The knapsack problem is an NP-complete problem of combinatorial optimization. The problem can be described as: given a set of items, each item has its own weight and price, within the limited total weight, how do we choose so that the total price of the items is the highest.

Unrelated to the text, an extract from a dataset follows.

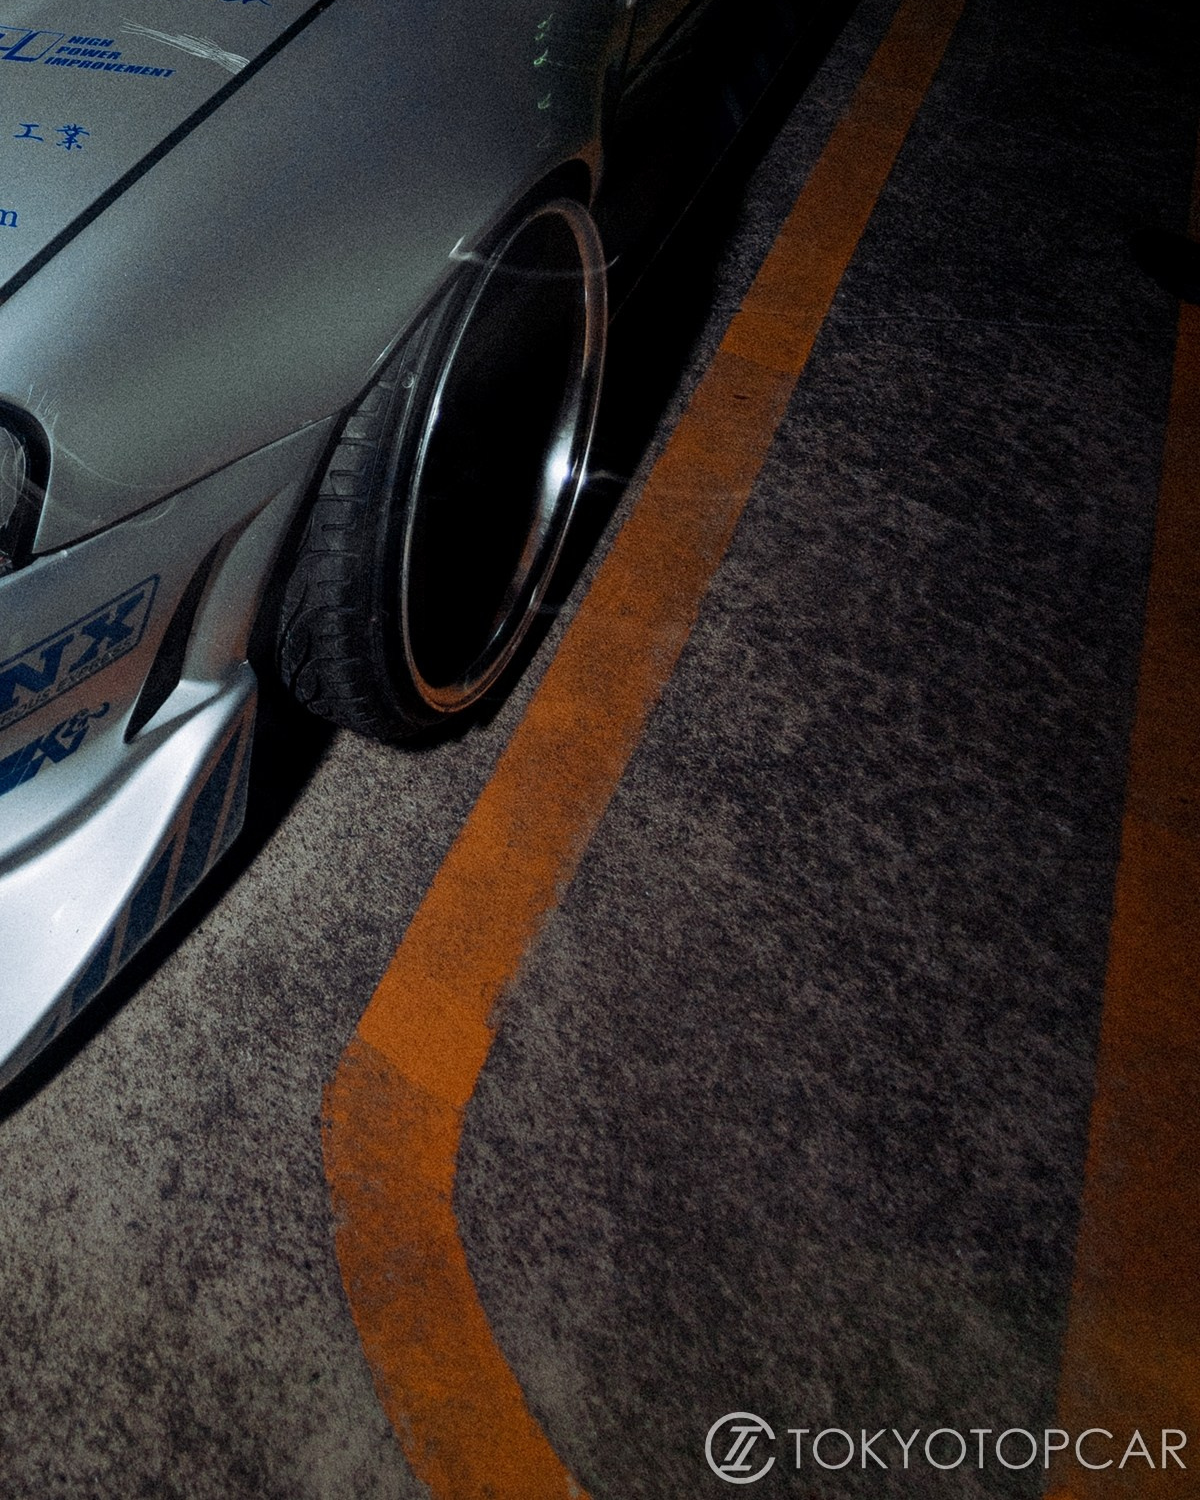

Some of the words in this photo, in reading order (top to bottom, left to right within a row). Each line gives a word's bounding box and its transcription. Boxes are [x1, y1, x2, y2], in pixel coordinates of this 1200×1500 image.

[68, 35, 115, 48] HIGH
[56, 46, 122, 60] POWER
[44, 56, 177, 79] IMPROVEMENT

How to choose the most appropriate items to place in a given backpack is consistent with our question, so this time we use the "0-1 backpack problem" and use our question this time to substitute it. "Total number of people" is equivalent to "backpack", "item" is equivalent to "work order type", and the weight of the item is the number of people required.
Supplement:
There are three extension problems of the solution to the knapsack problem: unbounded knapsack problem, 0-1 knapsack problem, and quadratic knapsack problem (without detailed extension, just We use)
The algorithm topic is as follows
The problem dealt with by dynamic programming is a multi-stage decision-making problem, generally starting from the initial The state starts and reaches the end state through the selection of decisions in the intermediate stages. These decisions form a decision sequence and determine an activity route to complete the entire process (usually the optimal activity route). The design of dynamic programming has a certain pattern, which generally involves the following steps.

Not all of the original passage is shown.